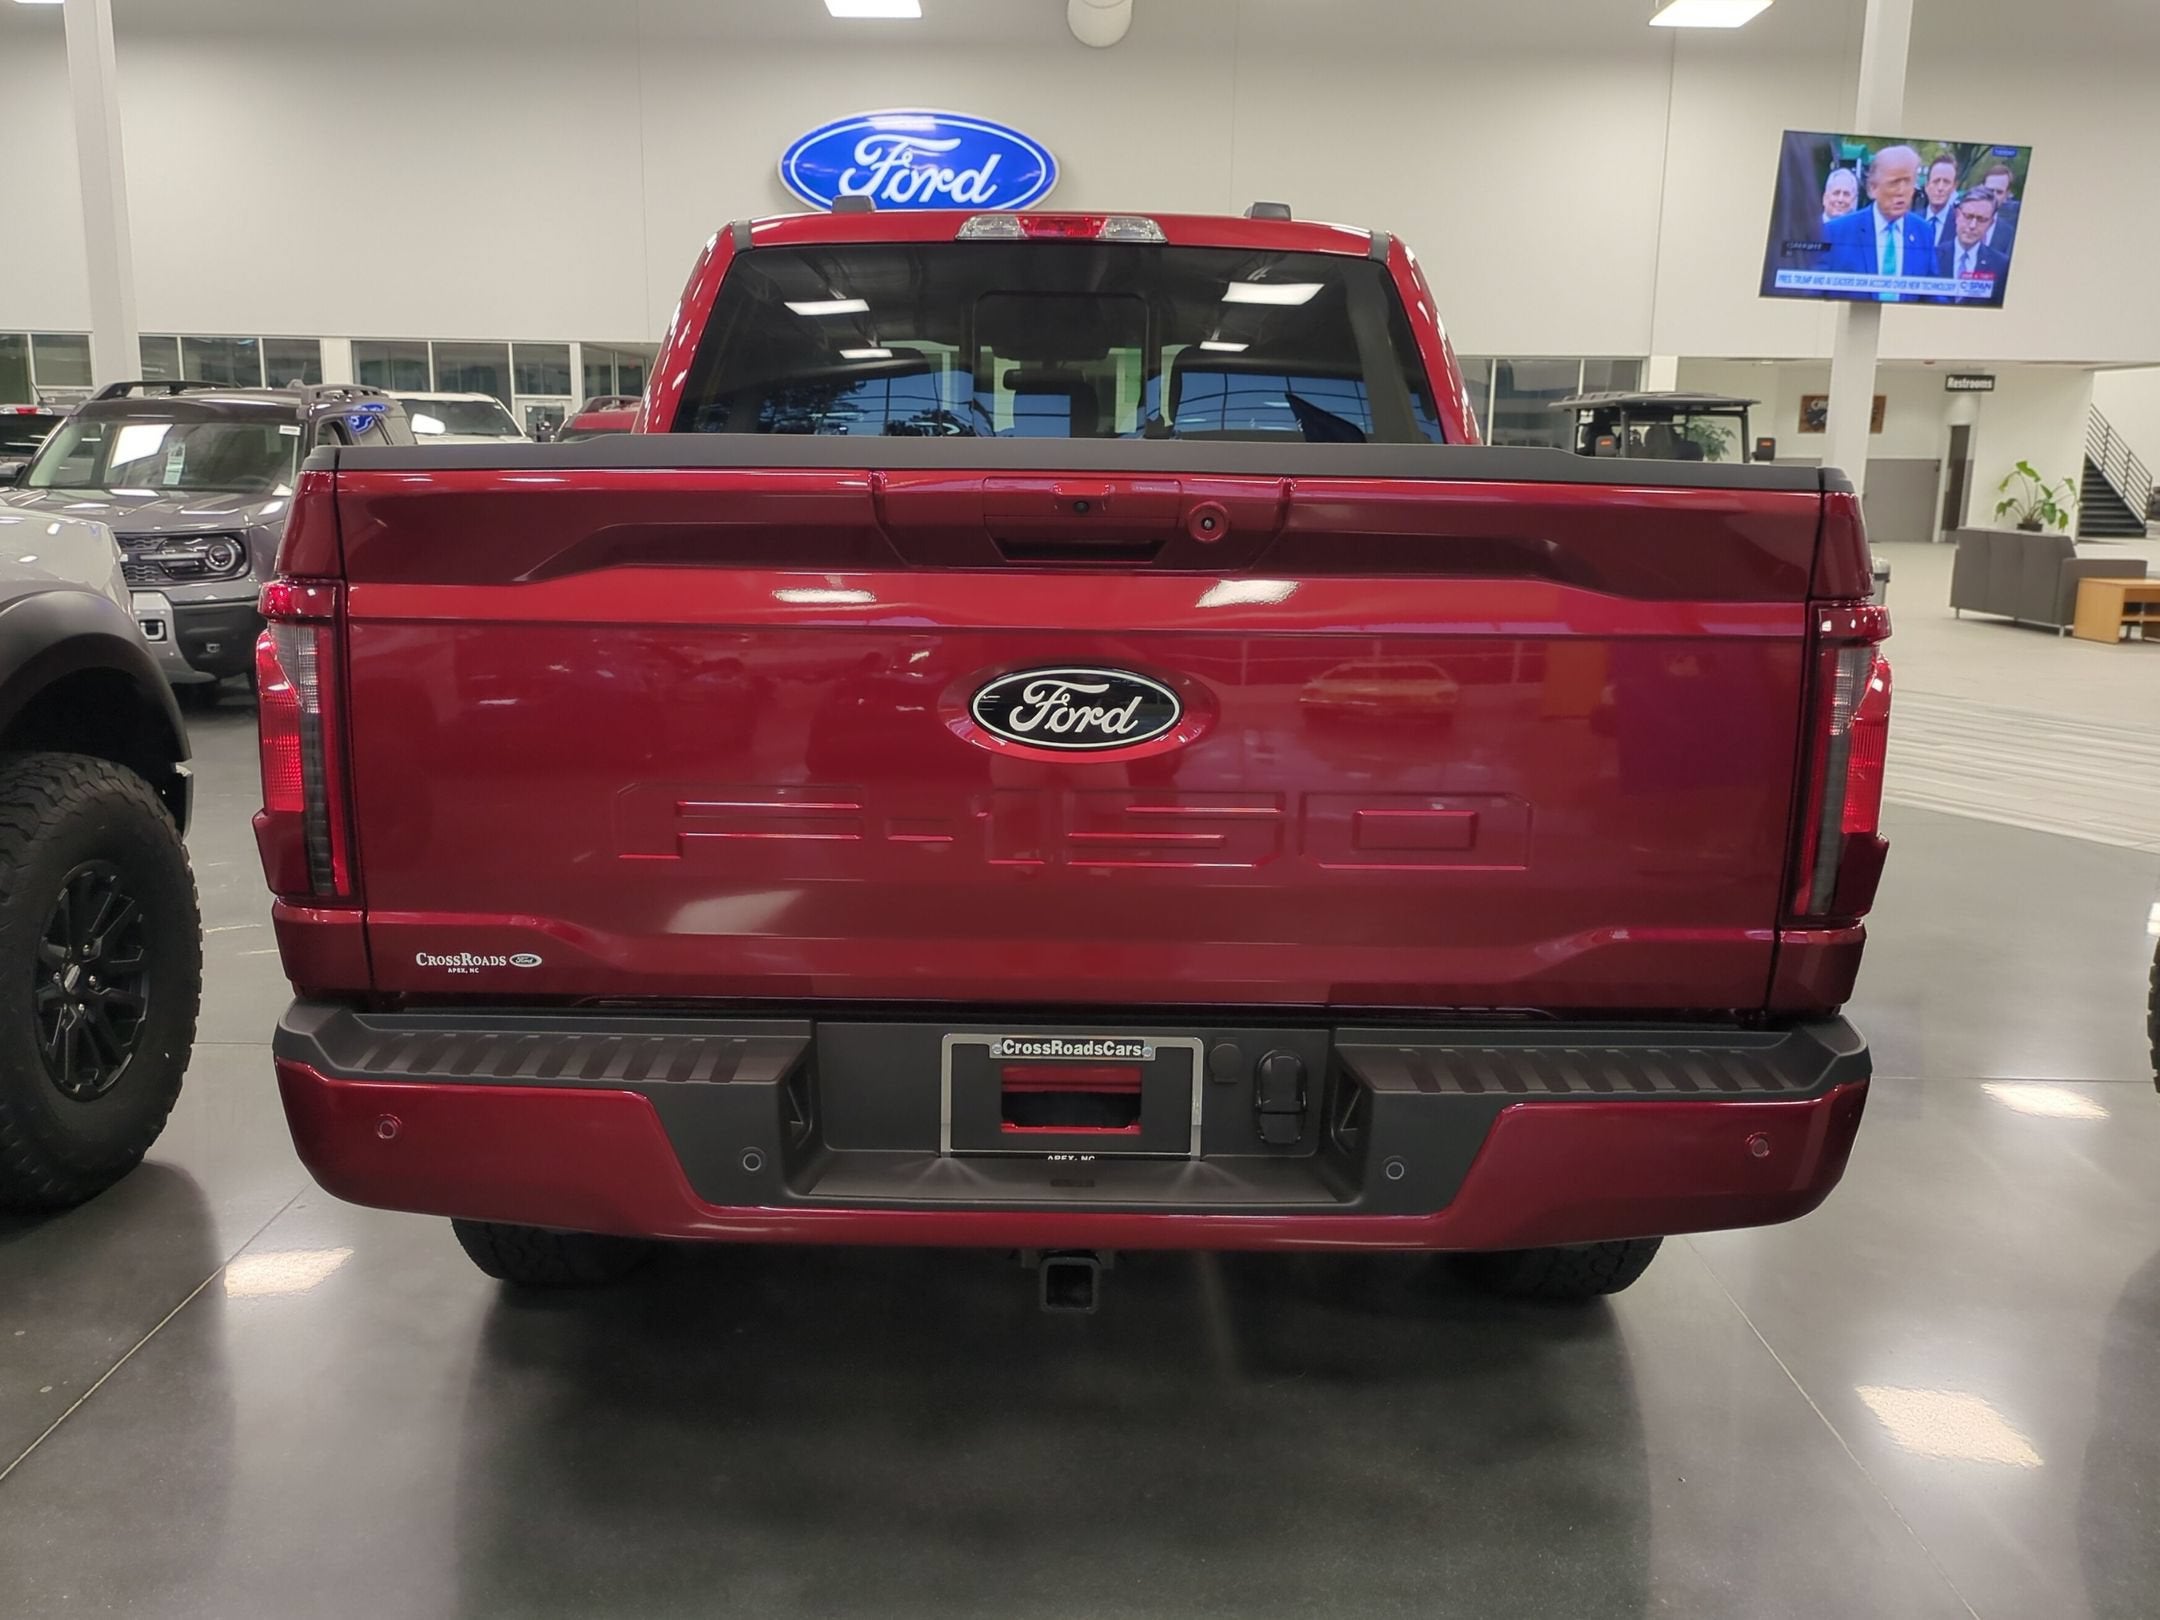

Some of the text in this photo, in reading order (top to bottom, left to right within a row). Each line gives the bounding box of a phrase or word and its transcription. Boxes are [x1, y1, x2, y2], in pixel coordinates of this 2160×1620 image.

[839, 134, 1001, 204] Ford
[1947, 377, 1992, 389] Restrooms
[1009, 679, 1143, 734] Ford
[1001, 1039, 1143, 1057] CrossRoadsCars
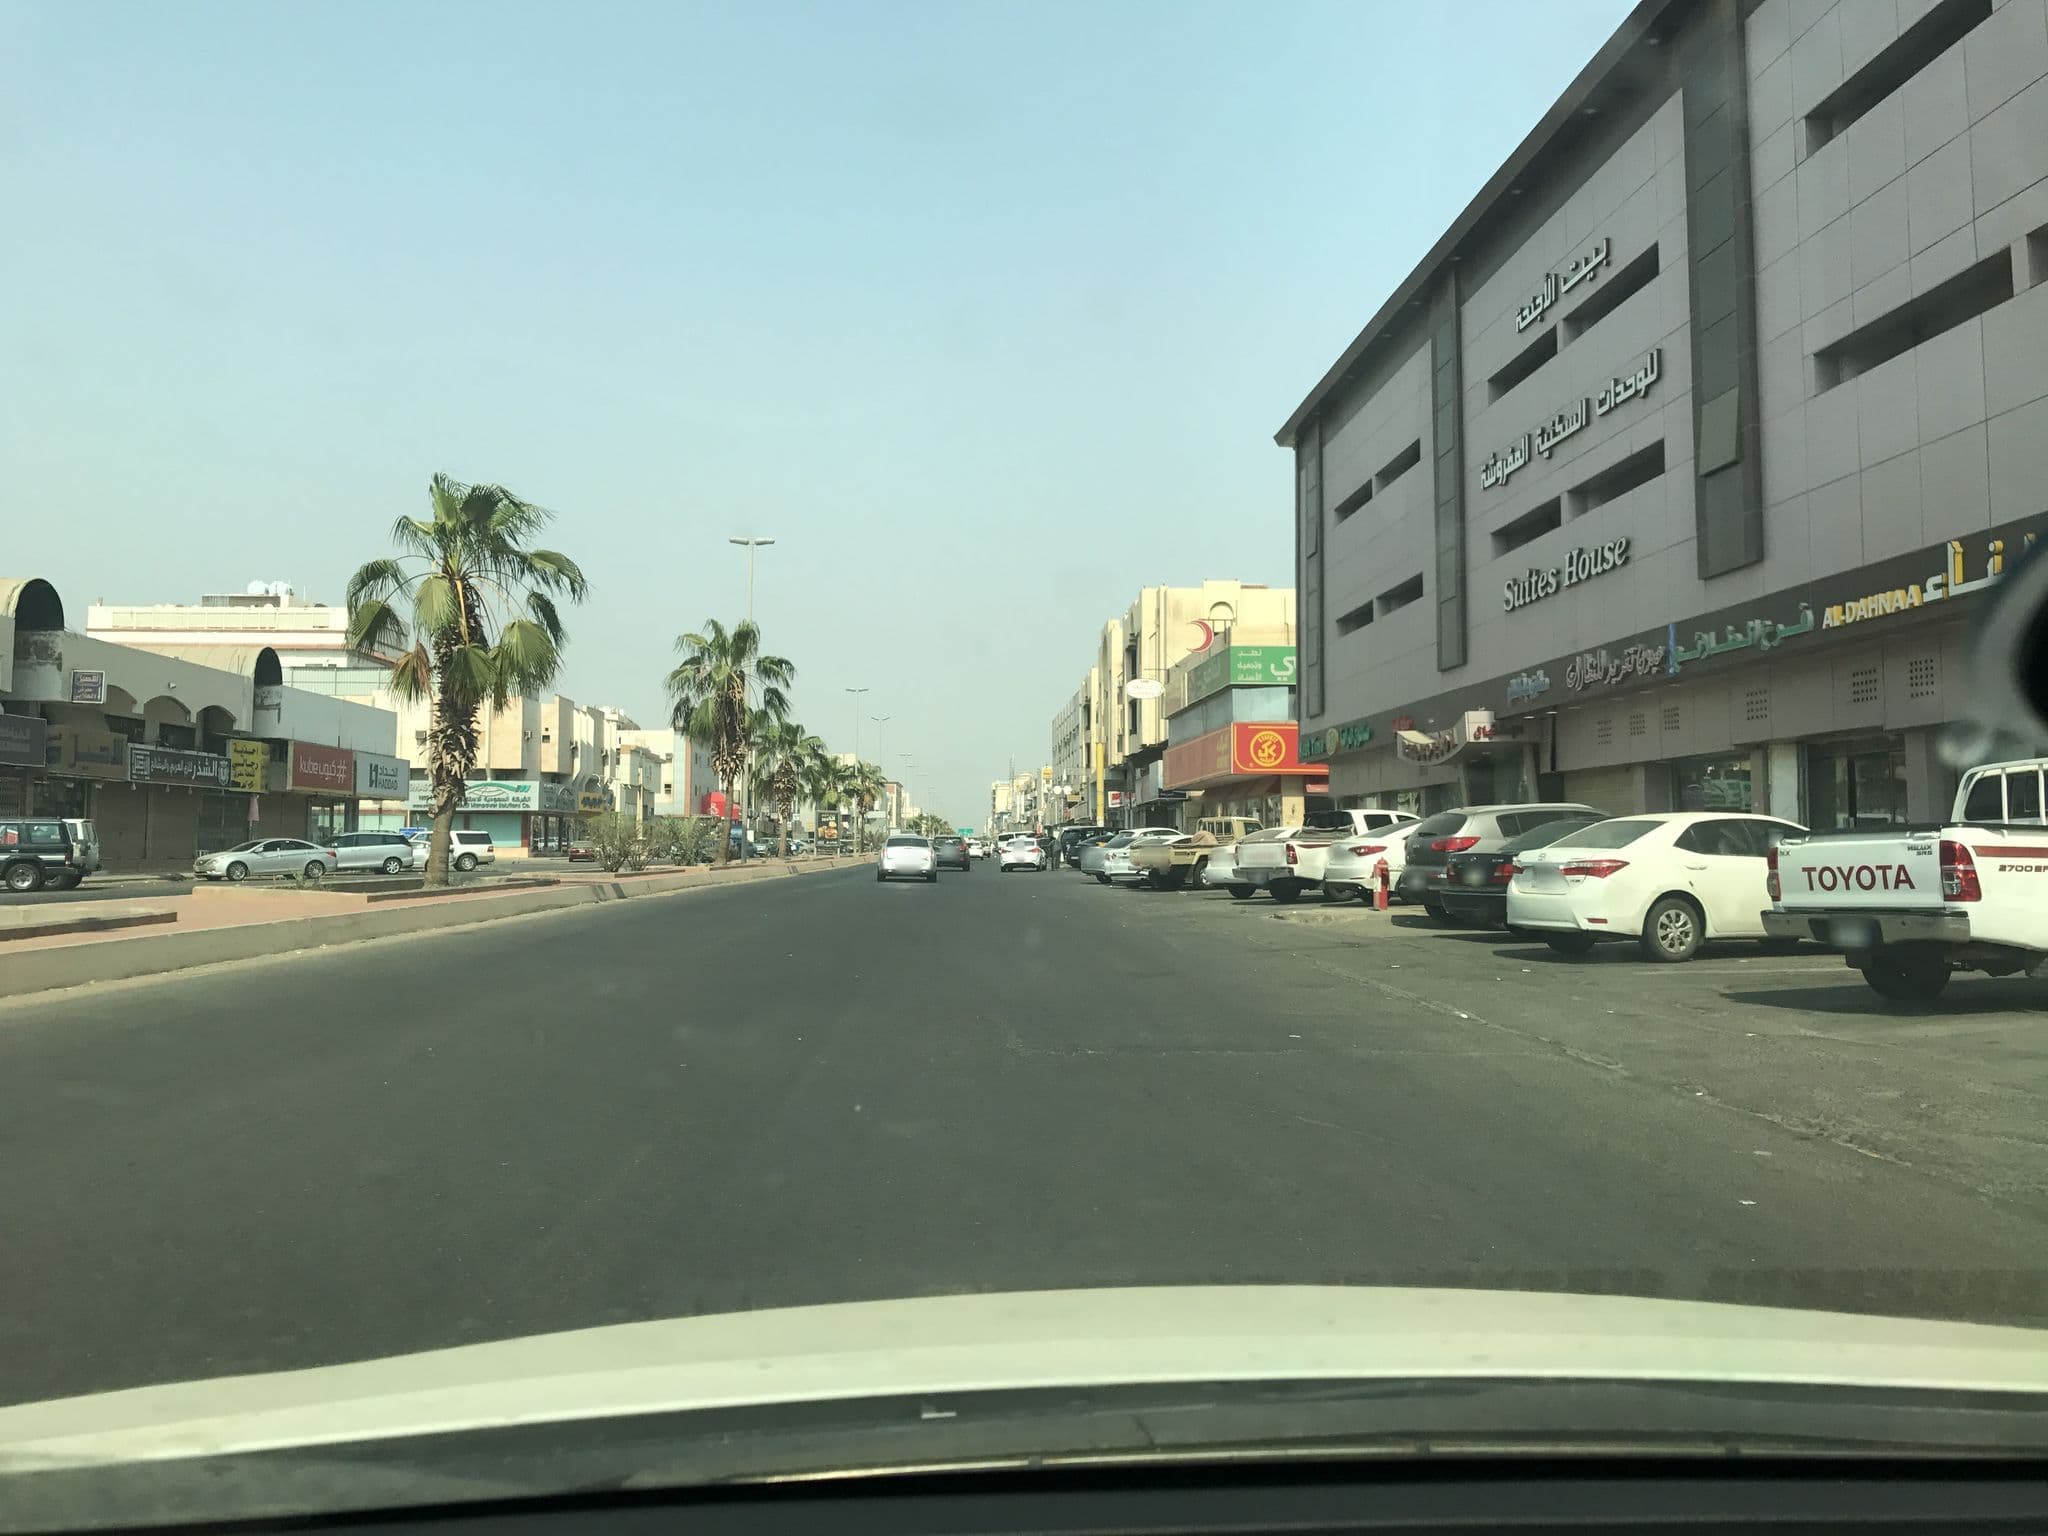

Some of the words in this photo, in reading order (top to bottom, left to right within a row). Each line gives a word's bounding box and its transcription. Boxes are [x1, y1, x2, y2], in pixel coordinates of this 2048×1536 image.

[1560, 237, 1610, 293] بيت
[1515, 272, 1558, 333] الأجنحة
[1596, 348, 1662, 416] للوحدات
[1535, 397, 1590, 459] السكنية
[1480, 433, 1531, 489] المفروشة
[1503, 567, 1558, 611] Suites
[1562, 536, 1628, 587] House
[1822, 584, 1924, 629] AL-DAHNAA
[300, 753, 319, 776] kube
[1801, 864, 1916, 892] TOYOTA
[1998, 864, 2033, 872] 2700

Work order - Word for word, restate the whole listing and drop the images.

Worked solution -
Some of the text in this photo, in reading order (top to bottom, left to right within a row). Each line gives the bounding box of a phrase or word and its transcription. Boxes are [x1, y1, x2, y2], in pixel coordinates of this 2160×1620 image.

[839, 134, 1001, 204] Ford
[1947, 377, 1992, 389] Restrooms
[1009, 679, 1143, 734] Ford
[1001, 1039, 1143, 1057] CrossRoadsCars

Some of the words in this photo, in reading order (top to bottom, left to right within a row). Each line gives a word's bounding box and its transcription. Boxes are [x1, y1, x2, y2], in pixel coordinates of this 2048×1536 image.

[1560, 237, 1610, 293] بيت
[1515, 272, 1558, 333] الأجنحة
[1596, 348, 1662, 416] للوحدات
[1535, 397, 1590, 459] السكنية
[1480, 433, 1531, 489] المفروشة
[1503, 567, 1558, 611] Suites
[1562, 536, 1628, 587] House
[1822, 584, 1924, 629] AL-DAHNAA
[300, 753, 319, 776] kube
[1801, 864, 1916, 892] TOYOTA
[1998, 864, 2033, 872] 2700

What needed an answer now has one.